The late Nintendo President has a presence on all Nintendo Switch consoles.

The mystery of why a copy of the NES game Golf and an NES emulator were packaged into every Nintendo Switch has seemingly been solved, and it's incredibly heartwarming.

Recently, the internet began speculating as to the reason why an NES emulator and copy of 'Golf' was embedded into every Nintendo Switch. Originally discovered by hackers, they took this as a sign that Virtual Console or classic game emulation was coming to the Switch. As it turns out however, the copy of Golf and the way to access it are in fact tributes to the late Nintendo President and developer Satoru Iwata.

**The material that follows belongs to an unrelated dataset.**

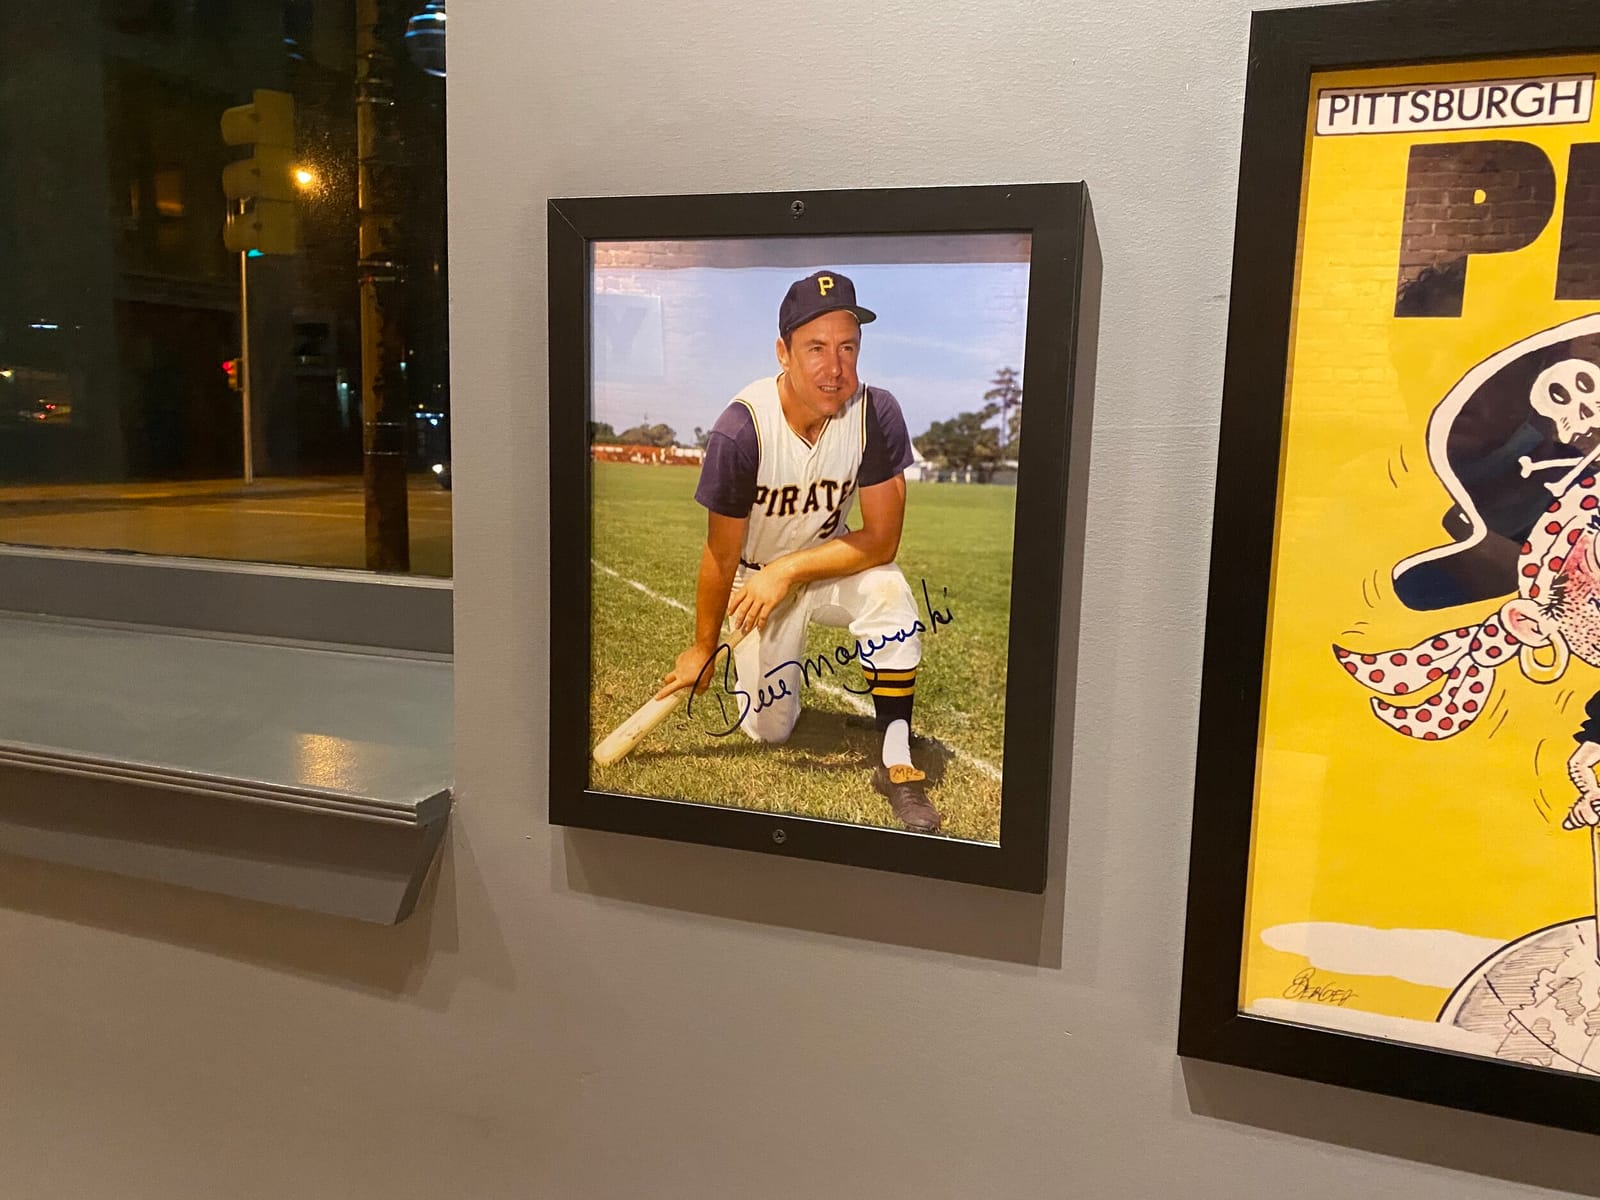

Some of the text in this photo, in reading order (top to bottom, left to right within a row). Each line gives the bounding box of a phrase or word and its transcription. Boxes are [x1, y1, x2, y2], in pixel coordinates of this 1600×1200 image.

A detailed post by Ars Technica chronicles the exhaustive attempt at finding a legitimate way of unlocking the NES copy of Golf (a game Iwata programmed) after it was initially discovered by hackers and triggered "illegitimately". The theories and attempts originally included secret button inputs, overclocking the RAM, and various other weird guesses. Ultimately however, user yellows8 discovered two things: that the system date had to be July 11 (the date Iwata died) and there was a specific 1.5 second motion with the joy-cons necessary.

The Iwata Direct gesture

Initially believed to be a golf swing motion, two new bits of information surfaced that tied the whole thing together as a tribute to Iwata. First, the date couldn't be manually changed thanks to system's internet connectivity. If you have a fresh Nintendo Switch that's never been connected to the internet you can actually set the date for July 11 and try this out. The next bit of info was the necessary motion, which video evidence suggests isn't a golf swing like previously believed, but Iwata's trademark Nintendo Direct arm gesture.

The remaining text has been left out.